Heterozygous mutations detected in ASD patients. (a) A change G:G/T at position 779 detected in patient no. 17 from group 2 with ASD, aneurysm of interatrial septum and other defects. (b) A change A:A/C at position 122 433 (1191 in cDNA) detected in patient no. 10 from group 1 with ASD symptoms alone. In the presented case, the sequence was obtained with the use of reverse primer to sequence the fragment starting at the position 121 553 (exons 4 and 5). (c) A change T:C at position 130 814 (1360 in cDNA) detected in the patient no. 1 from group 2 with ASD, aneurysm of intersinal septum and other defects. (d) A change A:A/G at position 187 409 (1885 in cDNA) detected in the patient no. 9 from group 2 with ASD, aneurysm of intersinal septum and other defects.
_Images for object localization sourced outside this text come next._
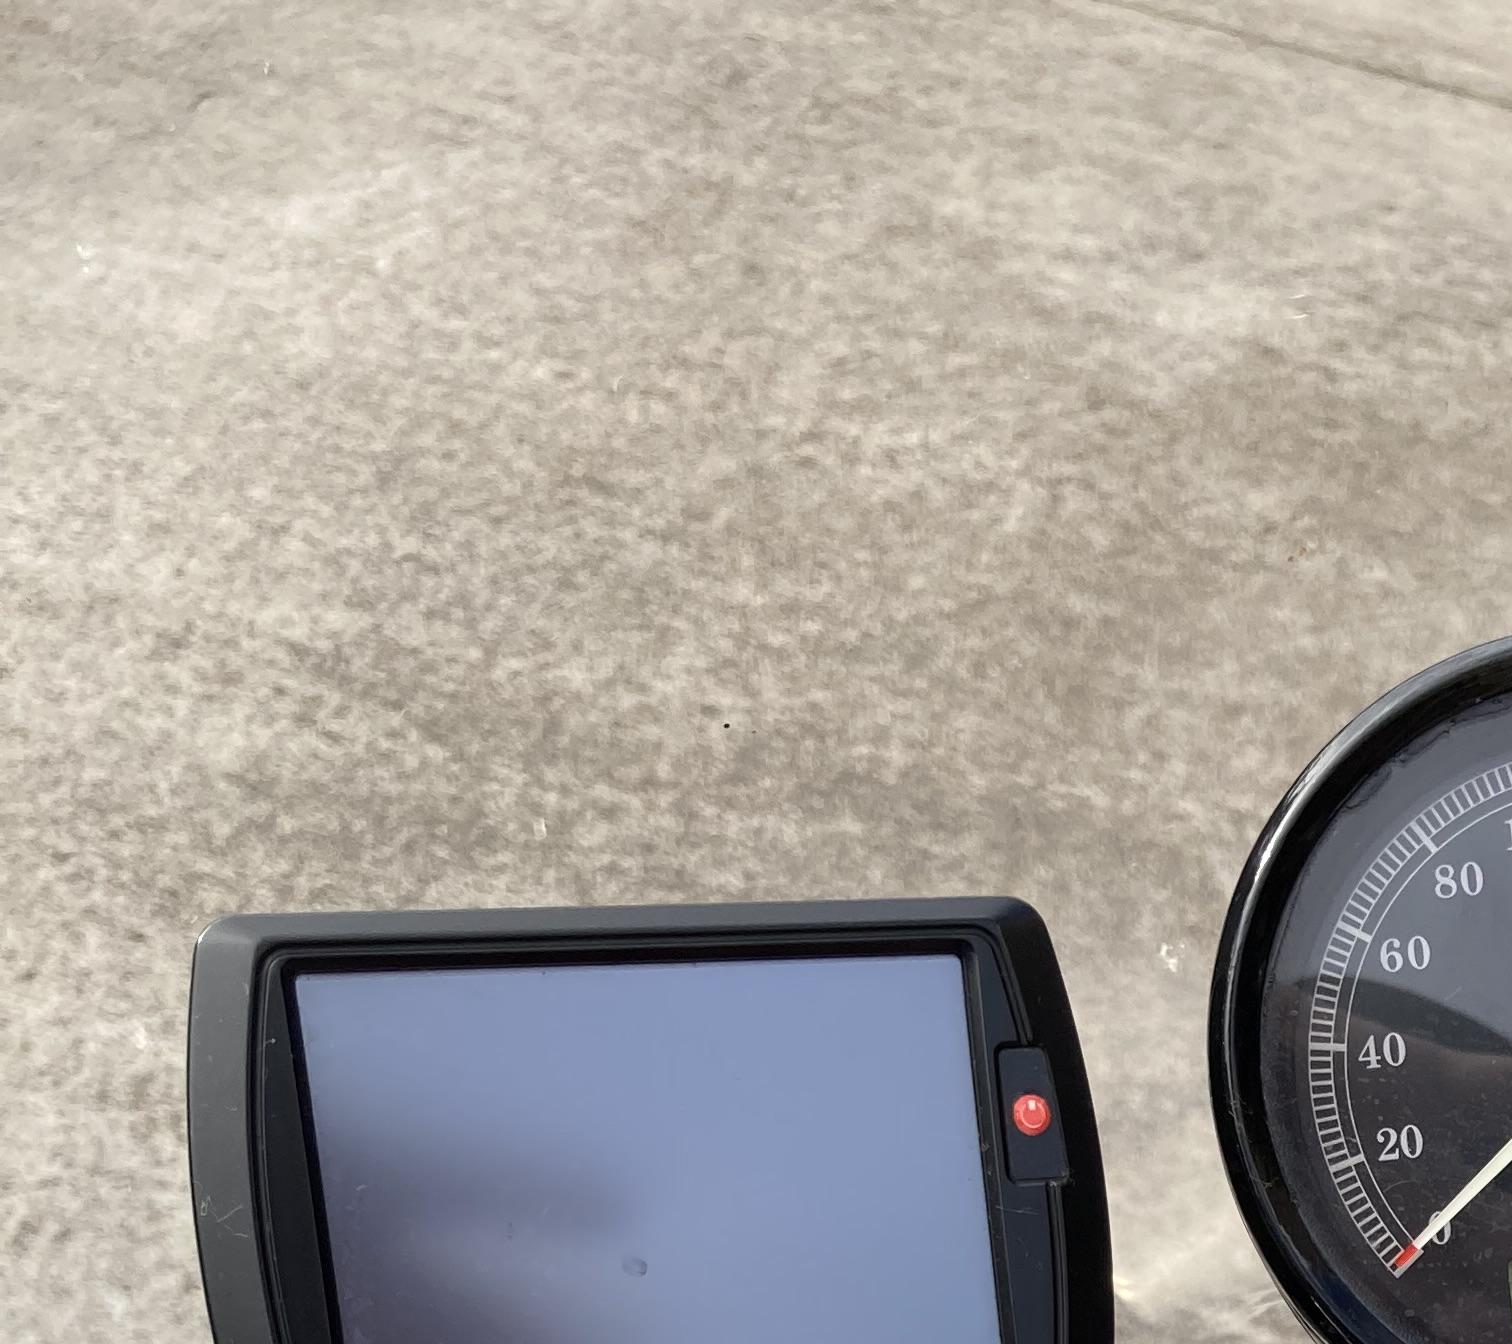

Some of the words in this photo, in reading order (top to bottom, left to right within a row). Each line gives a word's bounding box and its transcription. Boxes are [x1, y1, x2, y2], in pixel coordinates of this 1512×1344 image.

[1434, 861, 1484, 899] 80
[1380, 935, 1431, 973] 60
[1358, 1032, 1406, 1069] 40
[1376, 1124, 1424, 1162] 20
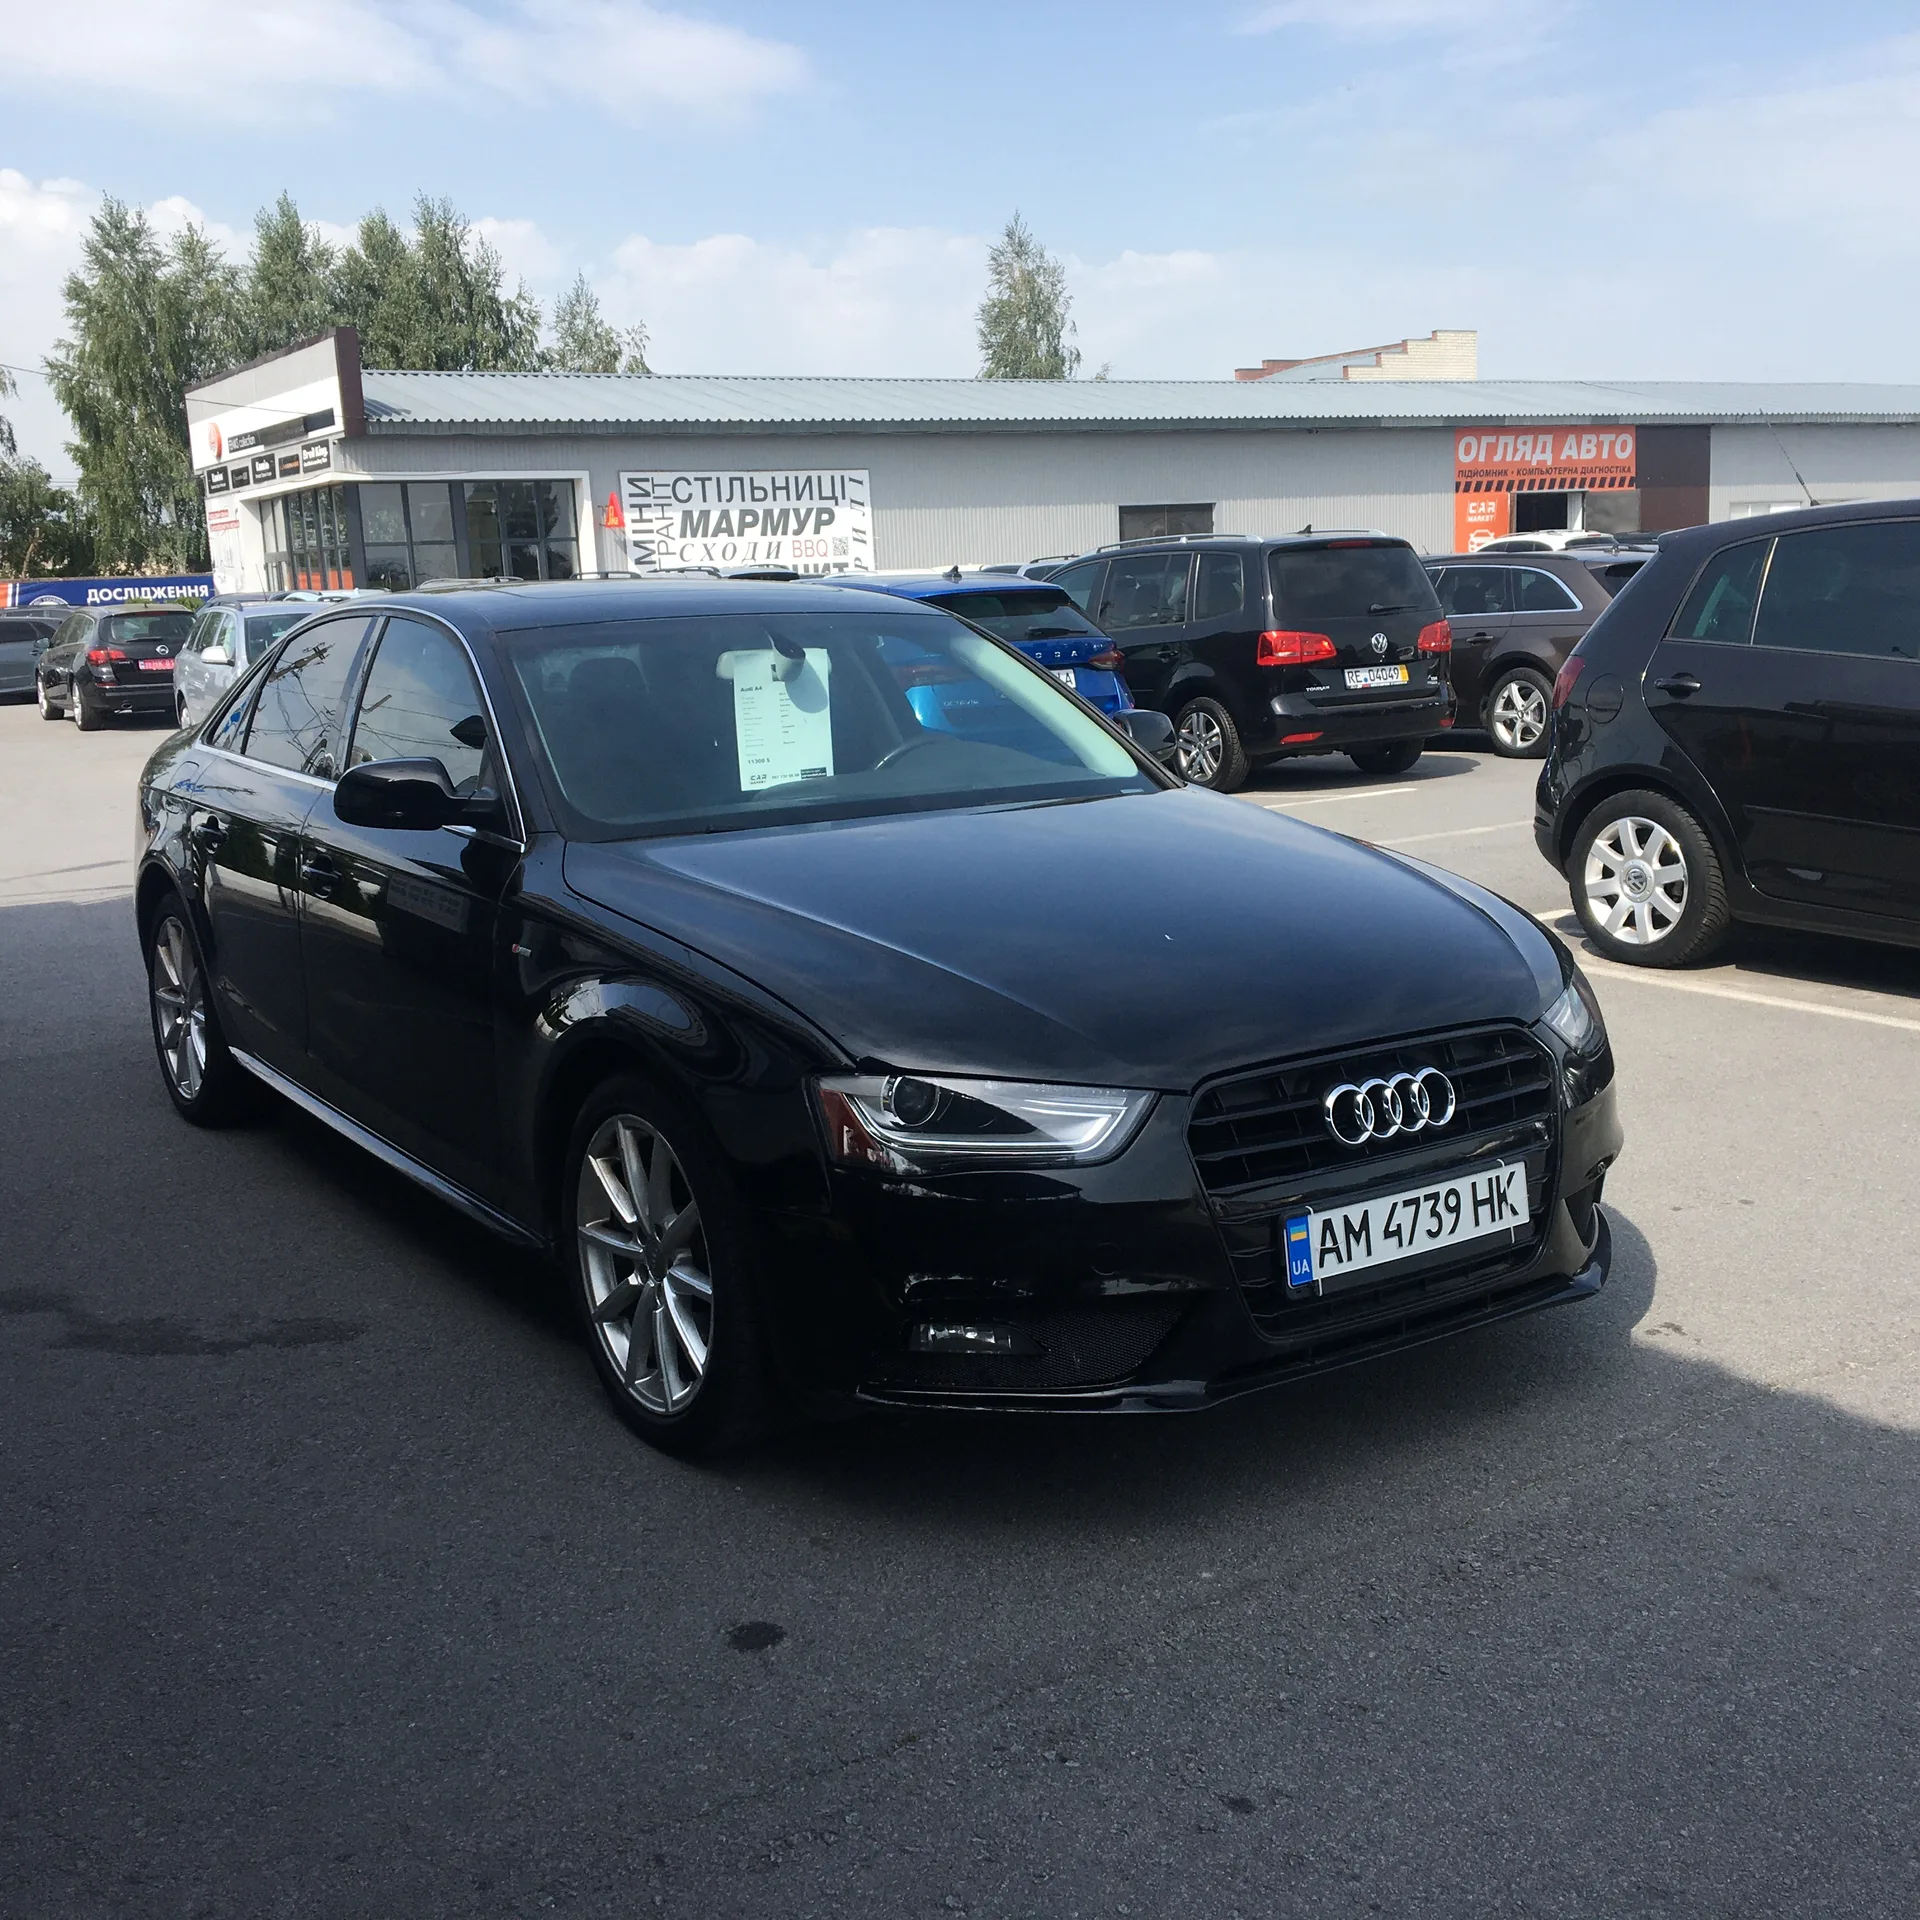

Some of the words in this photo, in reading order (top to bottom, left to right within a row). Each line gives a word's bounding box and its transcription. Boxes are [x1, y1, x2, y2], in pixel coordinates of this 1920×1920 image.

[1458, 434, 1553, 465] ОГЛЯД
[1560, 433, 1633, 460] АВТО
[1457, 468, 1509, 479] ПІДЙОМНИК
[1580, 464, 1631, 475] ДІАГНОСТІКА
[671, 475, 847, 506] СТІЛЬНИЦІ
[1467, 514, 1495, 523] MARKET
[1468, 501, 1496, 515] CAR
[627, 477, 657, 566] МІНИ
[679, 507, 836, 539] МАРМУР
[679, 541, 782, 563] СХОДИ
[792, 538, 829, 558] BBQ
[86, 584, 210, 606] ДОСЛІДЖЕННЯ
[1347, 670, 1363, 685] RE
[1369, 666, 1400, 683] 04049
[1318, 1208, 1373, 1269] AM
[1383, 1186, 1462, 1250] 4739
[1471, 1169, 1520, 1228] HK
[1292, 1257, 1311, 1276] UA
Arrow in each panel indicates the detected changes.

Figure 2

Comparison of conserved amino acid sequence domains mutated in TLL1 with the corresponding domains in selected metzincins. (a) N-terminal end of the catalytic domain, (b) active centers of selected metalloproteases from astacin family and other selected metzincins. (c) N-terminal end of the CUB3 domain. Symbols: H, amino acid sequence of human polypeptides; M, mutated TLL1; dashes, identical residues as in the polypeptide aligned at the top of the alignment. Colors: yellow, conserved cysteines; pink, histidines coordinating zinc in the active center of the enzyme; red, amino acid sequence in extended catalytic center; green, CUB3 domains in different enzymes; blue, mutations detected in ASD patients.